===== DATASET EXTRACT =====

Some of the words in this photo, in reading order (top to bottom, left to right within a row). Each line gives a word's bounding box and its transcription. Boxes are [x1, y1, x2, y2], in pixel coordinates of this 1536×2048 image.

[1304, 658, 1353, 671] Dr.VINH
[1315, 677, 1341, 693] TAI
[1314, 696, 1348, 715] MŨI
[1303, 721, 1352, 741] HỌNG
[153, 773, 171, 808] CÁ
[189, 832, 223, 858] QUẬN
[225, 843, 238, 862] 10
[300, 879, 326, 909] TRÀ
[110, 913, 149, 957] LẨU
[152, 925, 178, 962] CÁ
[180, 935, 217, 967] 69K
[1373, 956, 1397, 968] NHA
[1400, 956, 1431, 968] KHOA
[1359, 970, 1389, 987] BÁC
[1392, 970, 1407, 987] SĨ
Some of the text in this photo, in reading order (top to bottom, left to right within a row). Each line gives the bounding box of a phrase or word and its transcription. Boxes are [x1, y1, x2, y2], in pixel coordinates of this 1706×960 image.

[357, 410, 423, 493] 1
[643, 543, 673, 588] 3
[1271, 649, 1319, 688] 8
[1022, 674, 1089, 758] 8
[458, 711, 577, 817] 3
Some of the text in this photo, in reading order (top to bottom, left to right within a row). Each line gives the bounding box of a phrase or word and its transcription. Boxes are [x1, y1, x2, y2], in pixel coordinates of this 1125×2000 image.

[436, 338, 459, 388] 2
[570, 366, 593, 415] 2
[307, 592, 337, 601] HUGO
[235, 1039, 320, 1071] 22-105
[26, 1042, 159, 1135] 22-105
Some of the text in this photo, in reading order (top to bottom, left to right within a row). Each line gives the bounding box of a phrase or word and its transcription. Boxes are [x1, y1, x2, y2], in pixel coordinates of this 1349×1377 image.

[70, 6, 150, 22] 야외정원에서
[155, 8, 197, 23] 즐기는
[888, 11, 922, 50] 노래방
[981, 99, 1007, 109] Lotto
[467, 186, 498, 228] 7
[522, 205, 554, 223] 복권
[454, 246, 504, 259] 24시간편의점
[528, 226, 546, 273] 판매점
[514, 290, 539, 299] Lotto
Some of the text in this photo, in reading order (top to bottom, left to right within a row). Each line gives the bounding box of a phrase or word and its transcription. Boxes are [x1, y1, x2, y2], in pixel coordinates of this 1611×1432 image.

=====

**GOAL OF THE EXERCISE:**
Each line from the one containing "this 1125×2000 image." through the final line of the listing above should be returned exactly; return nothing else.

**ANSWER BOX:**
Some of the text in this photo, in reading order (top to bottom, left to right within a row). Each line gives the bounding box of a phrase or word and its transcription. Boxes are [x1, y1, x2, y2], in pixel coordinates of this 1125×2000 image.

[436, 338, 459, 388] 2
[570, 366, 593, 415] 2
[307, 592, 337, 601] HUGO
[235, 1039, 320, 1071] 22-105
[26, 1042, 159, 1135] 22-105
Some of the text in this photo, in reading order (top to bottom, left to right within a row). Each line gives the bounding box of a phrase or word and its transcription. Boxes are [x1, y1, x2, y2], in pixel coordinates of this 1349×1377 image.

[70, 6, 150, 22] 야외정원에서
[155, 8, 197, 23] 즐기는
[888, 11, 922, 50] 노래방
[981, 99, 1007, 109] Lotto
[467, 186, 498, 228] 7
[522, 205, 554, 223] 복권
[454, 246, 504, 259] 24시간편의점
[528, 226, 546, 273] 판매점
[514, 290, 539, 299] Lotto
Some of the text in this photo, in reading order (top to bottom, left to right within a row). Each line gives the bounding box of a phrase or word and its transcription. Boxes are [x1, y1, x2, y2], in pixel coordinates of this 1611×1432 image.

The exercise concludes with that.